L’universitaire Jin Canrong propose des obligations en RMB pour financer les importations chinoises de produits asiatiques et remplacer la demande américaine pour ceux-ci. Je ne sais si vous percevez le désarroi actuel de nos propagandistes «atlantistes». Ils ne sont pas aveugles même s’ils veulent nous frapper de cécité : Alain Madelin hier était à deux doigts de l’explosion en commentant la manière dont la Chine est en train de rallier toute l’Asie aux vertus du libre-échange «rationalisé» face au protectionnisme autoritaire de Trump. Je n’aurais rien contre a-t-il dit si ce n’était pas un pays communiste (il a dit «totalitaire») qui prend la tête de cette mondialisation… Avec des tarifs douaniers de rétorsion qui ébranlent déjà les fondations du commerce mondial, les nations d’Asie du Sud-Est se retrouvent à marcher sur une corde raide entre deux géants. En fait le projet n’est pas le même. Beaucoup d’entre elles, qui ont déjà des investissements et des infrastructures communs avec les entreprises chinoises, et le gouvernement chinois résistent et même pour d’autres semblent résister à l’influence américaine. Trump ne cache même pas son projet impérialiste et raciste qui suit avec brutalité celui de Biden, Obama : rendre à l’Occident sa suprématie. C’est en fait le seul point d’accord qui soit ressorti de la négociation Trump-Meloni. Oui qu’est-ce que l’occident pour la Russie, pour l’UE ? Et pour ceux d’Asie, à un niveau de «développement» comparable et encore plus ceux dont le destin qui les voue à la colonisation est clair… la Chine leur dit à tous y compris à nous : personne n’a rien à gagner à négocier son asservissement…

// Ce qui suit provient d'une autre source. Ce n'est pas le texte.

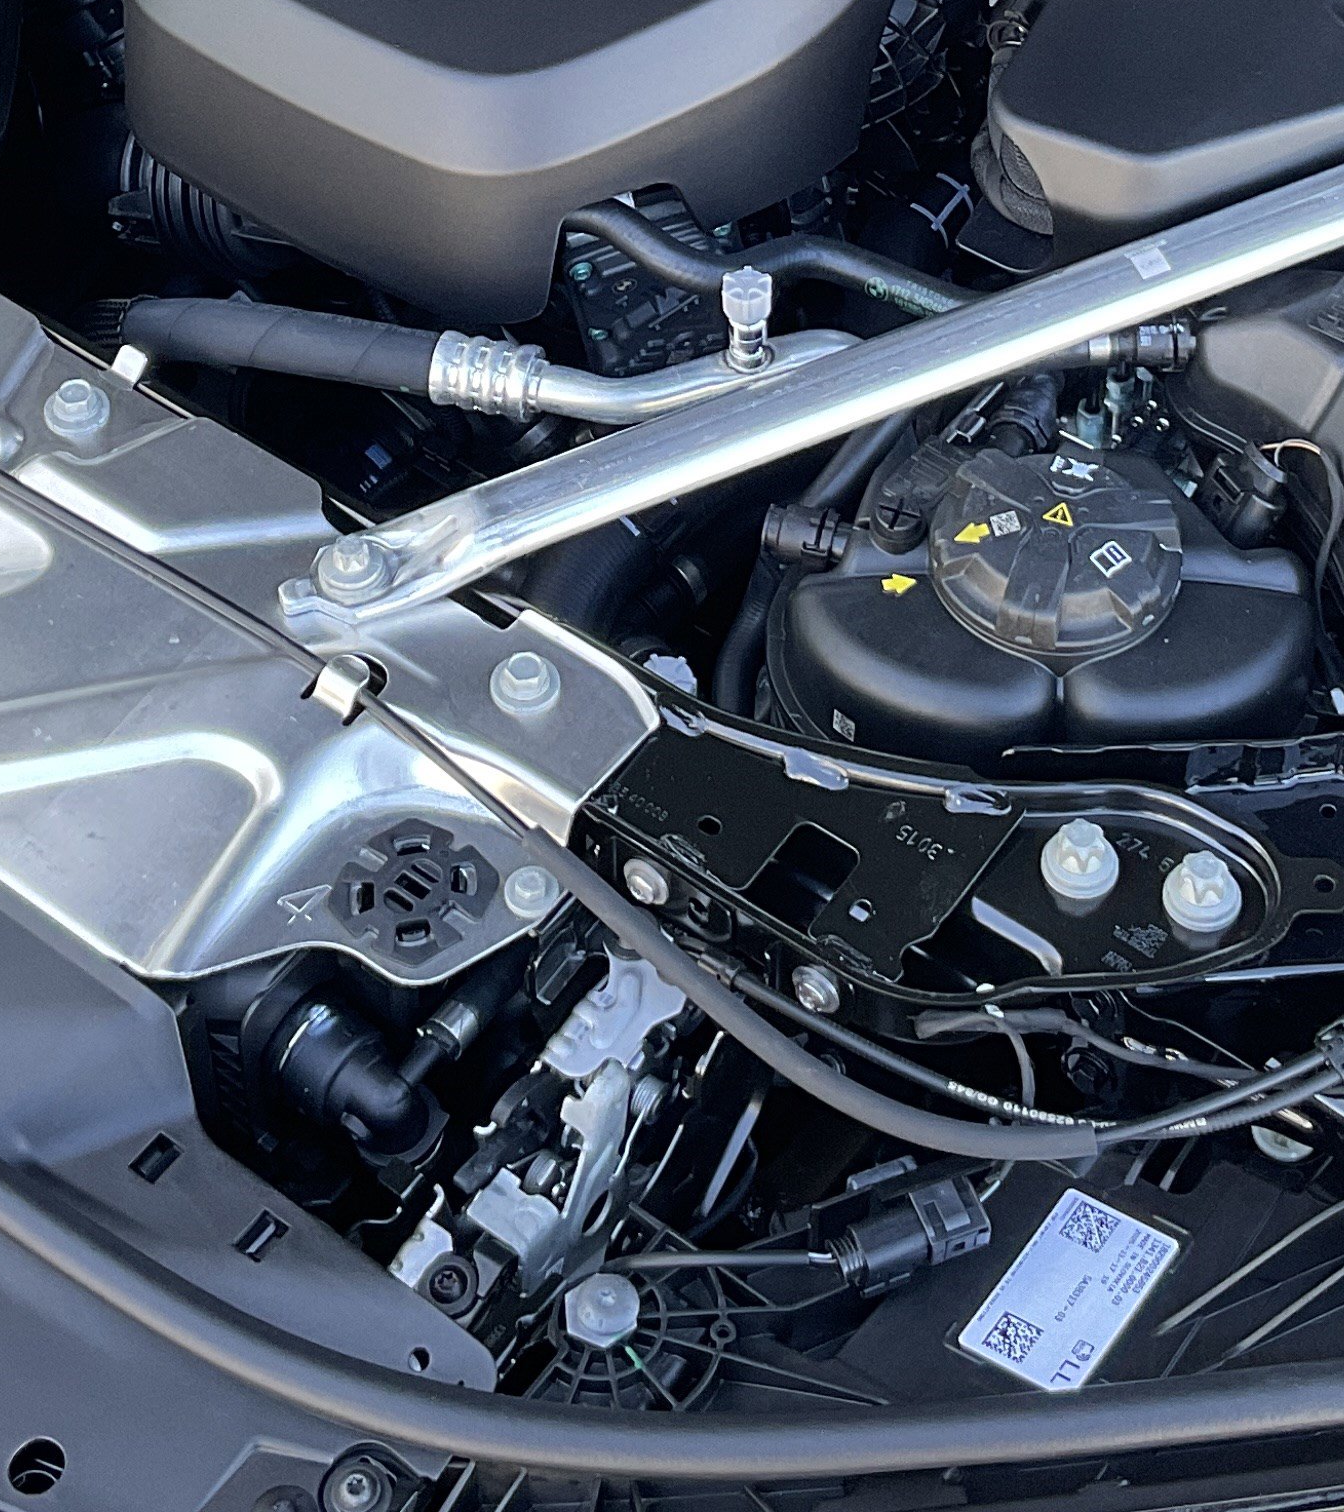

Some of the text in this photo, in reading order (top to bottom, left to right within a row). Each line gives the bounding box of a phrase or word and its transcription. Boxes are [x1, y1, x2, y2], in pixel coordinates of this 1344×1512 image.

[894, 822, 944, 861] 3015
[1135, 1231, 1151, 1249] MADE
[1049, 1358, 1081, 1390] LL

Le secrétaire général du Comité central du Parti communiste du Viêt Nam Tô Lâm et le secrétaire
général du Comité central du Parti communiste chinois et président chinois, Xi Jinping, ont
consulté le 14 avril les documents de coopération signés entre les deux pays.
Note de Guancha : Le président chinois Xi Jinping effectuera des visites d’État au Vietnam et au Cambodge du 14 au 18 avril. Il s’agit de la première visite à l’étranger de Xi cette année, après la Conférence centrale sur le travail lié aux pays voisins qui s’est tenue à Pékin les 8 et 9 avril. Interrogé sur le message central de cette réunion, le professeur Jin Canrong de l’Université Renmin, un éminent analyste chinois souvent cité dans les médias occidentaux, a déclaré au site chinois «Observateur» (guancha.cn) que Pékin tendrait la main à ses partenaires commerciaux asiatiques pour amortir l’impact des droits de douane américains. La Chine poursuivra ses investissements en Asie, a déclaré Jin, mais augmentera également la demande intérieure pour acheter davantage à ses partenaires commerciaux asiatiques. Les pays de l’ASEAN pourraient acheter des obligations d’État chinoises libellées en RMB, et la Chine pourrait utiliser le produit de la vente pour importer davantage, remplaçant dans une certaine mesure la demande américaine. Voici les remarques de Jin :
Cette réunion sur le travail lié aux pays voisins s’est tenue dans un contexte de situation mondiale grave causée par la guerre tarifaire gratuite des États-Unis. Cela a montré que nous espérons faire de ce travail une priorité encore plus élevée dans la stratégie mondiale de notre pays.
La Chine et les États-Unis sont entrés dans un état de confrontation. Dans cette situation, les relations de la Chine avec les pays voisins ont encore gagné en importance. Le développement et le maintien actifs de ces relations revêtent une importance unique et d’une grande portée pour la Chine.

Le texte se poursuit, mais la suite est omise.